Its cellphone days may be far behind it but BlackBerry (BlackBerry Stock Quote, Charts, News, Analysts, Financials TSX:BB) CEO John Chen is leaving the door open a crack regardless.
Canadian software company BlackBerry stood by last week like the rest of us to watch the end of an era as the iconic keyboard handset reached the end of the line with the software underpinning the phones no longer being supported.
“As of this date, devices running these legacy services and software through either carrier or Wi-Fi connections will no longer reliably function, including for data, phone calls, SMS and 9-1-1 (emergency) functionality,” BlackBerry said in a blog post on January 5.
It’s quite the fall for the once world leader in smartphones based in Waterloo, Ontario, but the story is old news and clearly in the rearview mirror for Chen, who was brought on board in 2013 to right the ship and make something new out of BlackBerry’s tech and patents, just as the company’s share price was wallowing at a fraction of its value just a few years earlier.
And while the resurrection has had its ups and downs, as a software and security business focused on the connected car, Chen’s BlackBerry is now trying to convince investors of the longevity and profitability of its investments such as those in cybersecurity and its IVY platform co-developed with Amazon Web Services.
At the same time, Chen seems reluctant to completely sever ties with BlackBerry’s past. Asked at this year’s Consumer Electronic Show in Las Vegas about BlackBerry’s chances of making a new phone, Chen said in a Fox Business interview, “It’s not in our current plan but, you know, life is strange — you never say never.”
“And we have some partners that are attempting to build a 5G keyboard phone with all the technology and licenses so let’s see how successful they could be,” he said.
Chen was referring to an agreement made in August of 2020 with tech startup OnwardMobility by which the latter was granted the right to develop and bring to market a BlackBerry 5G phone.

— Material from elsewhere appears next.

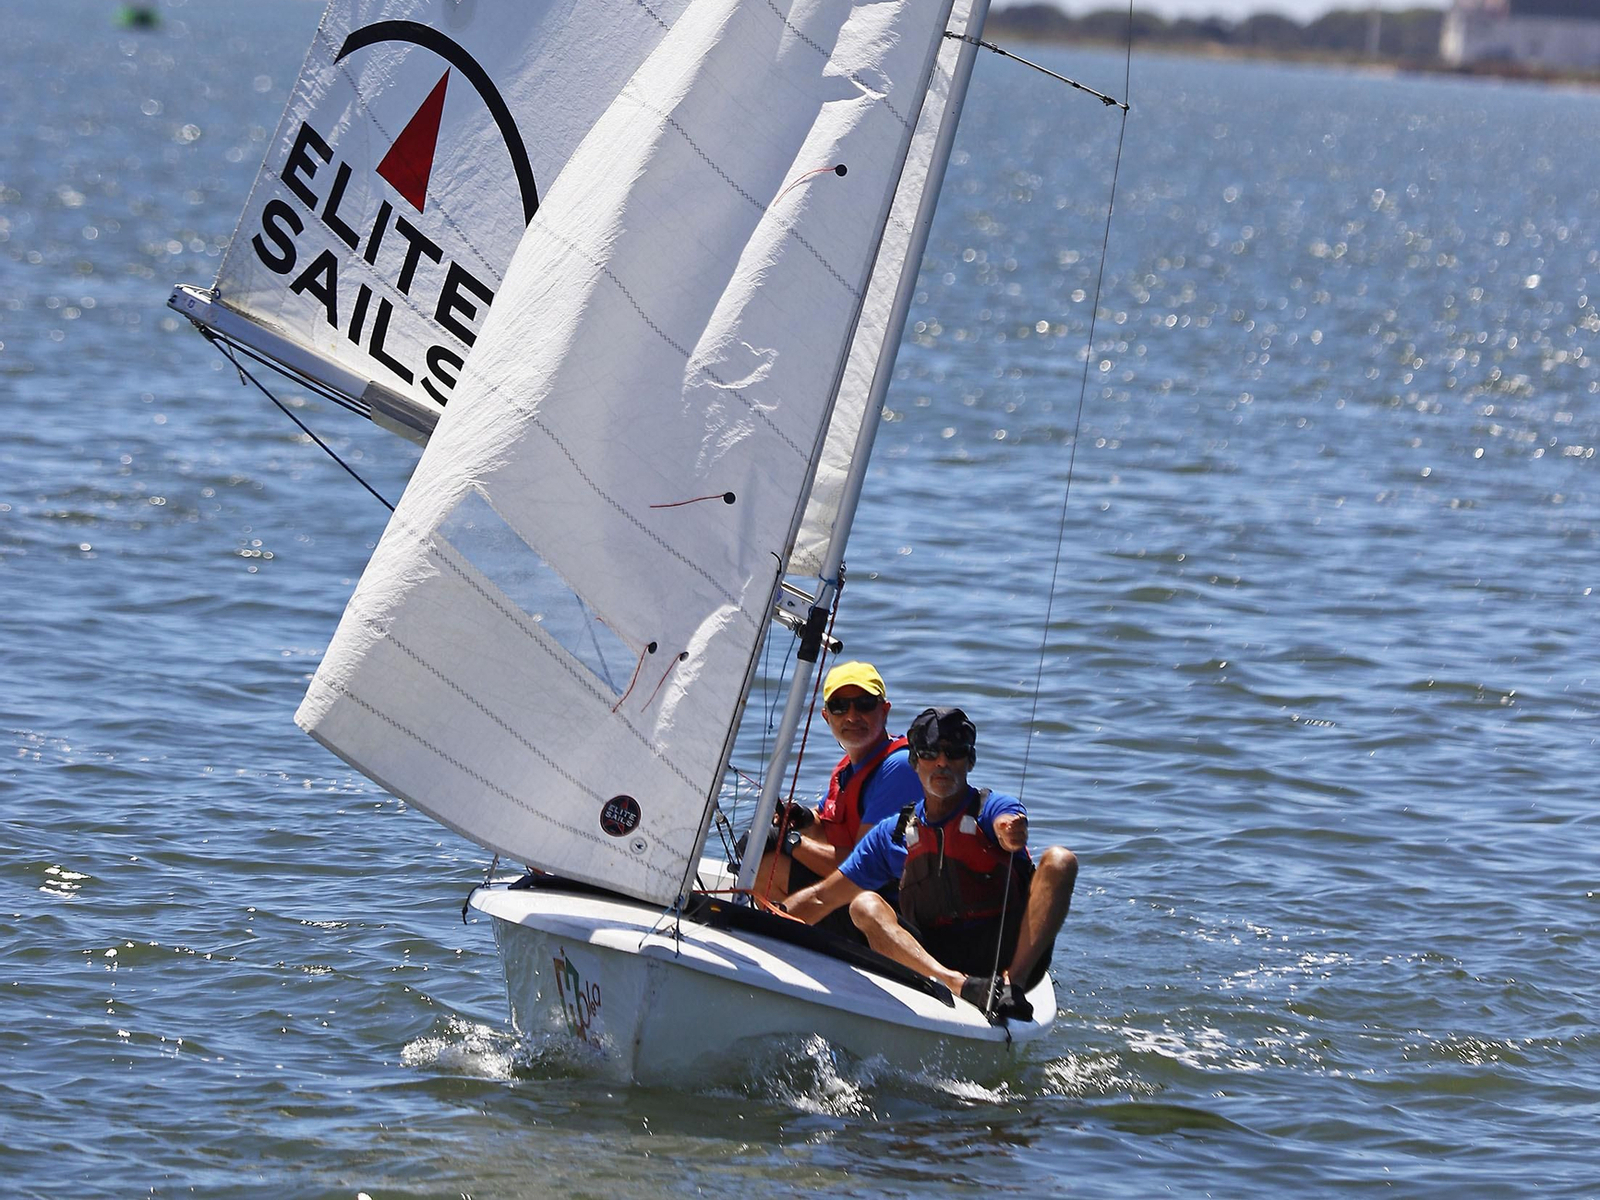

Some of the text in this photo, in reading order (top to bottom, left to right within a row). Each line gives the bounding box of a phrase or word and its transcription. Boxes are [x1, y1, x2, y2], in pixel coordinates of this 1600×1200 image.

[281, 120, 495, 348] ELITE
[605, 810, 633, 828] SAILS
[608, 804, 636, 821] ELITE

OnwardMobility had originally scheduled a release date of sometime in the first half of 2021 but no product launches have been scheduled so far, with the company posting a notice on its website two days after BlackBerry’s announcement last week of the termination of service on its phones.

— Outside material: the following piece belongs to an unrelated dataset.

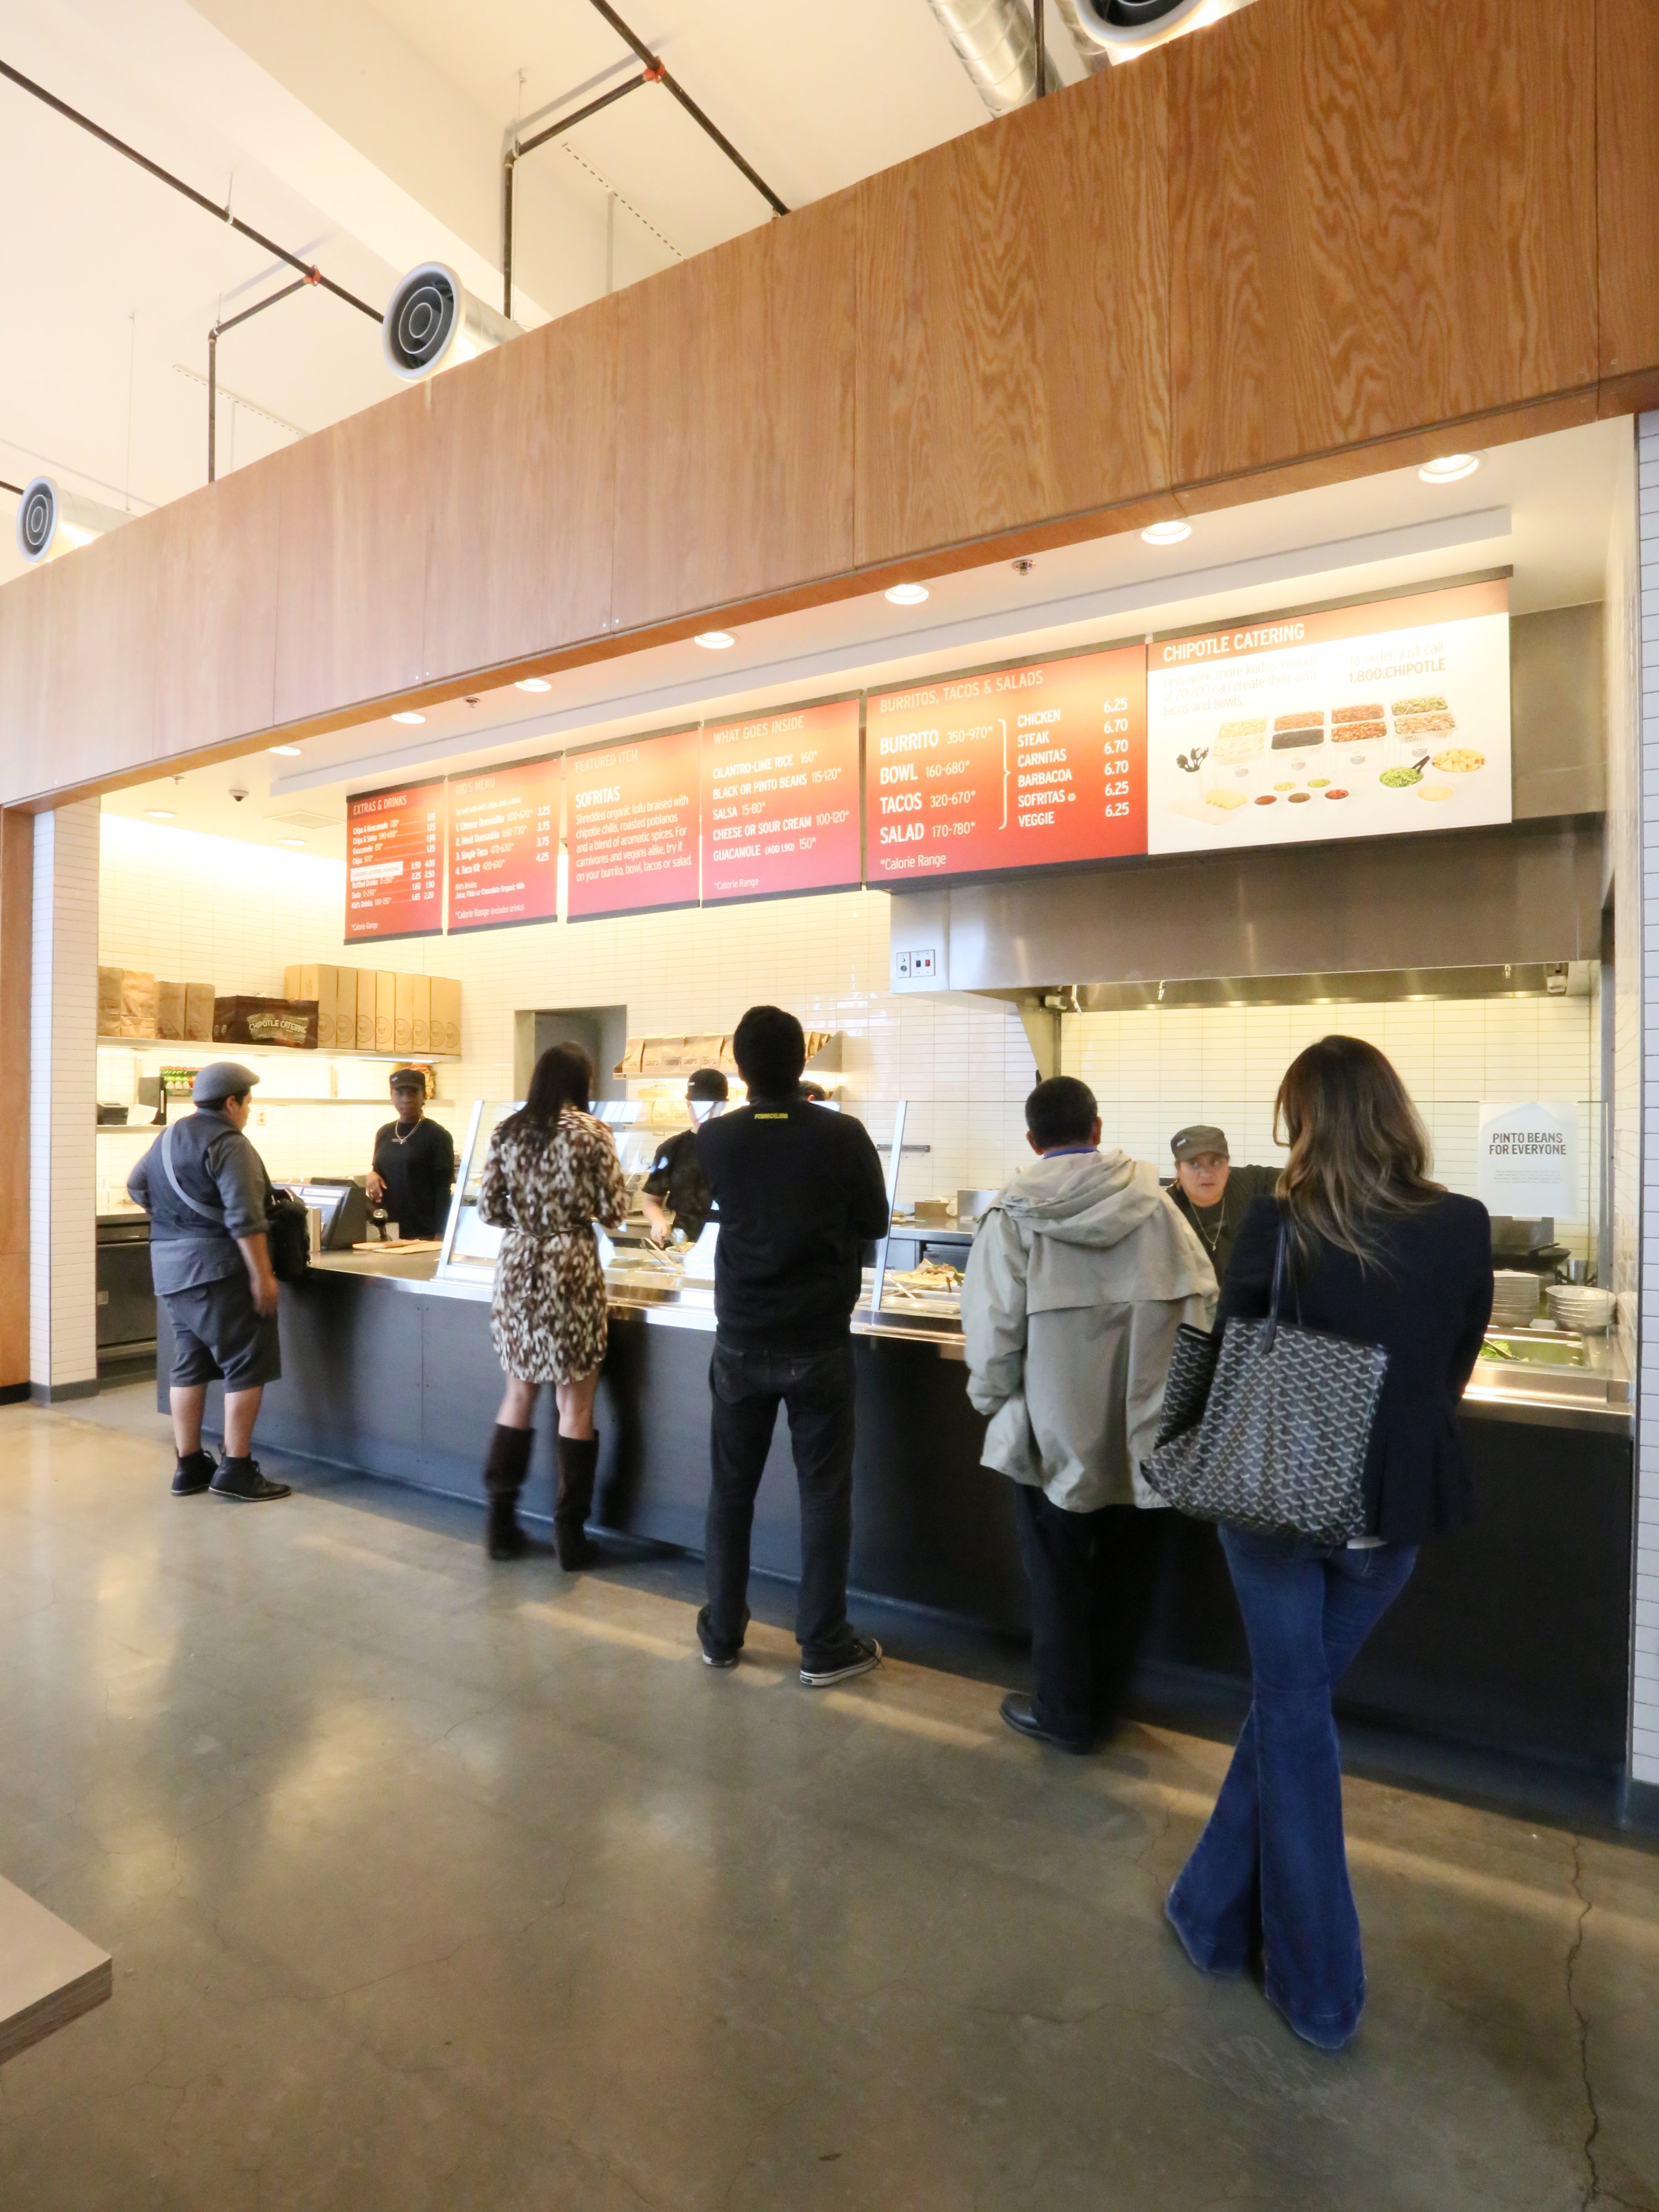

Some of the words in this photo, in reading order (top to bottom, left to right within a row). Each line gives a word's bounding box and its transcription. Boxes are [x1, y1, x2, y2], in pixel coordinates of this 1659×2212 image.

Titling its post “Contrary to popular belief, we are not dead,” OnwardMobility said 2021 was a challenging year and apologized for its recent silence on updates about a new phone.
“While we encountered various delays that prevented us from shipping in 2021, we will be providing more regular updates starting this month that will clarify and answer many of your questions about the ultra-secure 5G enterprise smartphone (still with a keyboard!) we’re bringing to market,” OnwardMobility said.

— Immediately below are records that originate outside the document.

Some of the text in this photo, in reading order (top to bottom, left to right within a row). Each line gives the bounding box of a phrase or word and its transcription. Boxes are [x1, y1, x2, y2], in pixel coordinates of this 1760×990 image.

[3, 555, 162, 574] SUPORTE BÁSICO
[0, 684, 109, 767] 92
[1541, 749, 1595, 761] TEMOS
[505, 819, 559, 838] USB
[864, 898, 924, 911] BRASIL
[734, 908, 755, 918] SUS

As for BlackBerry, the company took the 2022 CES as an opportunity to showcase the IVY intelligent vehicle platform which the company aims at becoming the standard in terms of operating systems for cars. BlackBerry said it was the first time IVY was publicly shown on physical hardware, displaying the tech in a Jaguar I-Pace all-electric car and talking up the AI-enabled data collection and analysis capabilities of the system in connection with in-vehicle sensors.
“BlackBerry IVY allows automakers to develop a better understanding of how vehicles are used and can be improved while allowing software developers to create enhanced services and experiences for drivers,” said Vito Giallorenzo, SVP Corporate Development & Chief Operating Officer, IoT, for BlackBerry, in a press release. “Being able to see in real-time how the platform enables all this is incredibly powerful and a great a catalyst to help those from across the transportation industry re-imagine all that is possible when you have the right tool, and I’m sure there will be no shortage of these ‘light bulb’ moments when visitors see it for themselves.”
BlackBerry had an eventful year in the markets last year after getting caught up in the so-called meme stock phenomenon with companies like GameStop and AMC. BlackBerry’s share price, once trading at over C$100 almost 15 years ago, spiked in early 2021 and climbed from C$10 to as high as C$31 by late January. The stock had another peak in June and then spent the rest of the year trailing off, ending the year with a return of 40 per cent.
Last month, BlackBerry reported its third quarter 2022 results which showed revenue down about 16 per cent year-over-year to $184 million and an earnings loss of $0.05 per diluted share compared to a loss of $0.25 per share a year earlier. BlackBerry’s revenue came in the form of $43 million from its IoT business segment and $128 million from Cybersecurity. (All figures in US dollars except where noted otherwise.)